Nella specie si trattava di titoli non quotati nelle borse italiane, in quanto emessi da una finanziaria olandese e quindi dovevano ritenersi certamente oggetto di una operazione non adeguata trattandosi di acquisto da parte di piccoli risparmiatori. Gli investitori, dunque non vennero adeguatamente informati e pertanto vennero fuorviati ed indirizzati ad una operazione a grande rischio di cui la banca era consapevole, ma i risparmiatori di certo ignari.

La Corte, facendo proprie le osservazioni evidenziate nelle difese da parte dell’Avv. Giunta, ha statuito che l’acquisto di titoli emessi da una finanziaria di diritto olandese con il riconoscimento di interessi più elevati rispetto a quelli corrisposti per precedente emissione, avrebbe dovuto imporre un contegno connotato da stretta osservanza delle prescrizioni contrattuali, in correlazione con l’evidente rischio delle operazioni.

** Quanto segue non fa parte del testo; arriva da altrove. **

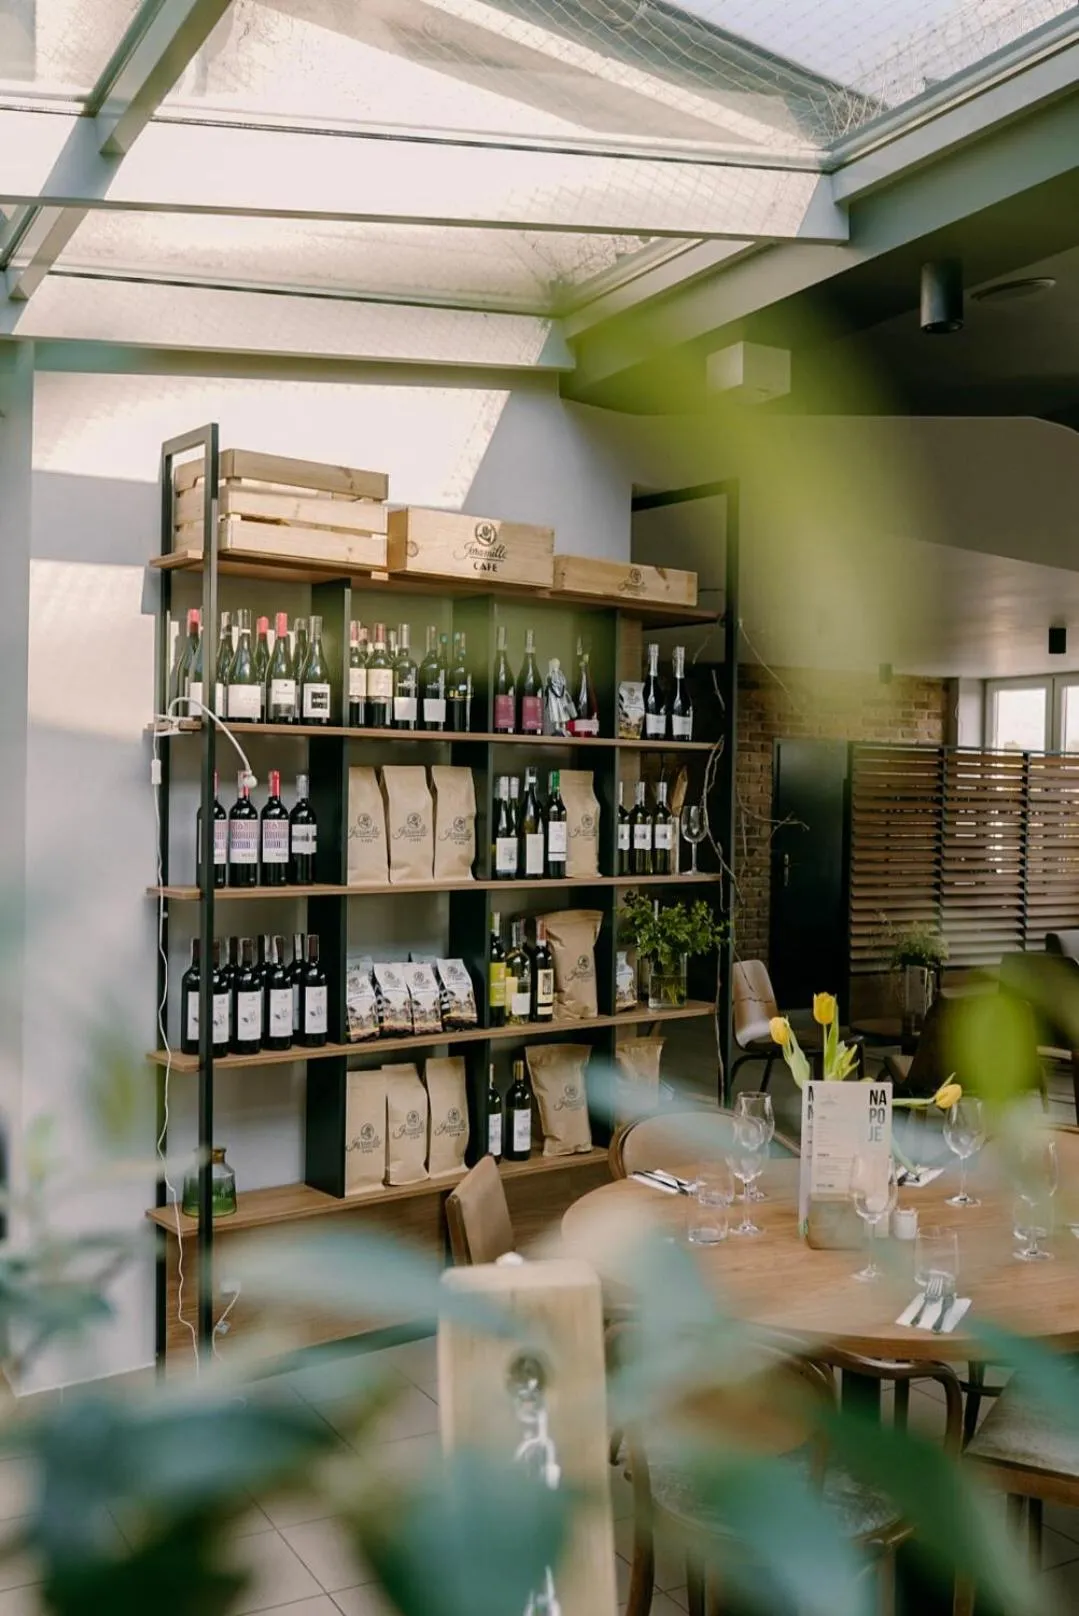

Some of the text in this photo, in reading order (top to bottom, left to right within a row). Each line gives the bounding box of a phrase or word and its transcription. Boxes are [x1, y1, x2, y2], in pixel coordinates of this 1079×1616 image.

[869, 1089, 887, 1106] NA
[868, 1107, 886, 1125] PO
[868, 1125, 882, 1142] JE

Per la Corte, quindi, la banca non ha operato con la specifica diligenza prevista e richiesta per operazioni a rischio come questa, essendosi limitata a fare firmare agli investitori una dichiarazione prestampata con la quale gli stessi si dichiaravano “di alta esperienza in tema di investimenti in strumenti finanziari”. Ma la propensione al rischio del piccolo investitore privato non poteva certo essere valutata dalla banca sulla base di una dichiarazione di tal fatta, che avrebbe richiesto più attenzione, una nuova compilazione ed una esplicitazione della effettiva volontà dei predetti all’acquisto di titoli emessi da una finanziaria olandese. Cosa che i clienti dell’Avv. Giunta sconoscevano del tutto.

La Corte, nel condannare la Banca, ha ritenuto trattarsi di un grave inadempimento contrattuale ex art. 1453 c.c. dalla stessa operato, annullando gli ordini di acquisto e condannando la stessa alla restituzione delle somme maggiorate degli oneri accessori.

Per chi volesse far valere i propri diritti essendo incorso in operazioni similari, l’Adusbef ricorda che è sempre possibile il ricorso alla tutela giurisdizionale se non sono passati 10 anni dal fatto o da una qualsiasi comunicazione (raccomandata) che possa avere interrotto i termini prescrizionali.